Councilman and community member Lee Gowler has been actively involved in not only his own home renovations, but assisting those on his street.
Mr Gowler says when COVID-19 first began people weren’t sure how much time and money to invest into projects and hobbies to keep themselves occupied.
“When this [COVID-19] first happened no one really knew how long it would last, how intense it was going to be and whether it [renovations and projects] was a good thing to spend money on,” he says.
“I always get a great pleasure in looking back at old pictures from when we first bought this place, and comparing it to now, it’s a feel-good thing.”
Mr Gowler is also aware it’s possible to have too much of a good thing.
“I’m trying to do Bunnings cold turkey at the moment,” he says.
Twenty-year-old Henry Carrington-Jones is using his time in isolation to renovate a home for himself off his family’s farm in Toodyay.
Henry says the fact that many people don’t have full-time work or aren’t working as much has created time for them to work on projects they otherwise wouldn’t.

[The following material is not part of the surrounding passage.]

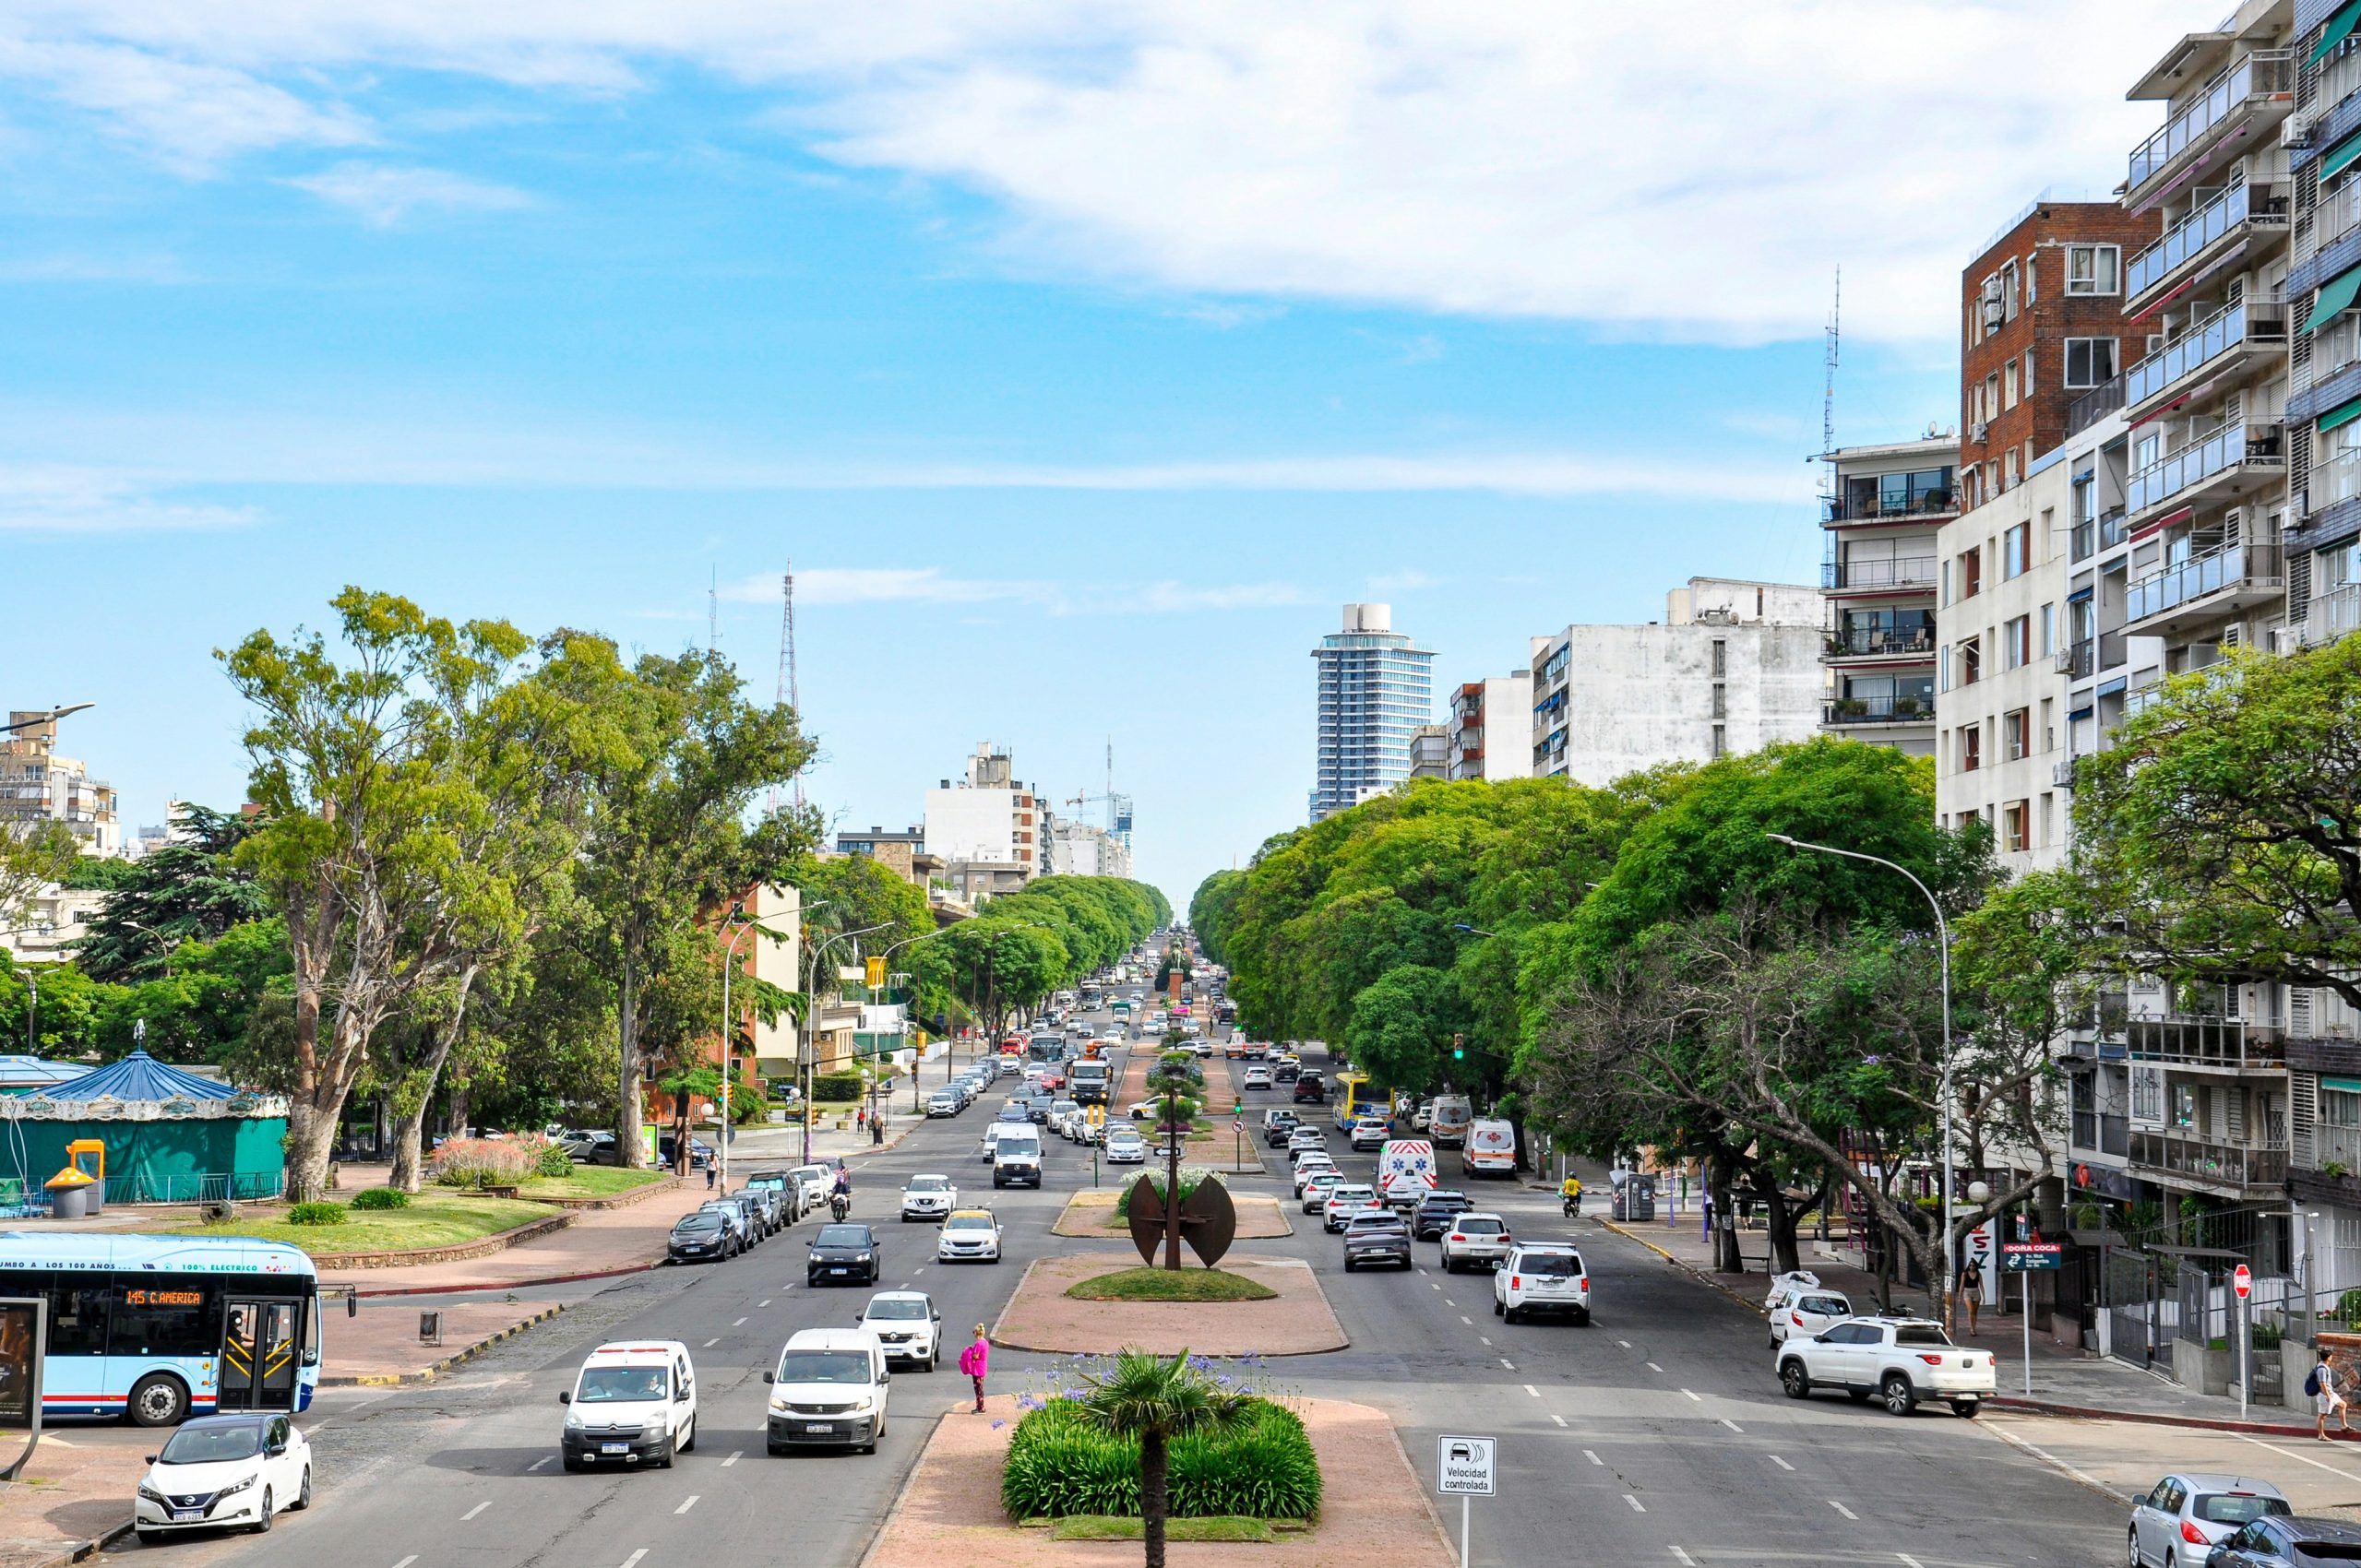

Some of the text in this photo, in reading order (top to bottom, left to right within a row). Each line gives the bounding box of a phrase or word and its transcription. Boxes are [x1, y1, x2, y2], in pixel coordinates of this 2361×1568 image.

“What’s interesting is that for a lot of people money is an issue, and I think that points to the DIY side of it, giving people something to do but also improve their home while they’re doing it,” he says.
“It’s a pretty dull down time and this is something [home renovations] I’m constantly excited and constantly thinking about, looking at second hand furniture, watching videos on how to do certain things.”
Henry says the renovations have kept him busy and his mind occupied.
“The fact that you get to see positive progress on your surroundings because you’re spending so much time in and around your house its quite a relevant thing, to appreciate where you’re living.”
Chairman of the Cockburn Community Men’s Shed Peter Hodgson says the transformation of people after regularly attending and becoming proactive in projects is dramatic.
“He [Men Shed member] went from basically having nothing to do when he woke up in the morning, to waking up with an objective for the day, somewhere to go, some routine, it changed his life,” he says.
“We have blokes express that to us quite often, that now they have a reason to get up in the morning.”
Mental health organisations such as Beyond Blue have created dedicated Coronavirus Mental Wellbeing Support Services to help Australians manage the impact the COVID-19 pandemic has had on their mental health.
Beyond Blue Chair The Hon Julia Gillard says as citizens were advised to remain physically active during isolation, it’s just as important to practically uphold your mental health.
“Just as people are looking after their physical health, we’re asking people to actively look after their mental health.”
Mr Torrance says he encourages everybody to try their hand at home renovations and DIY projects, despite their skill level.
“Go for it, give it a go, it’s amazing what you can do, I’m a practical hands-on person but I wouldn’t say I was particularly skilled.”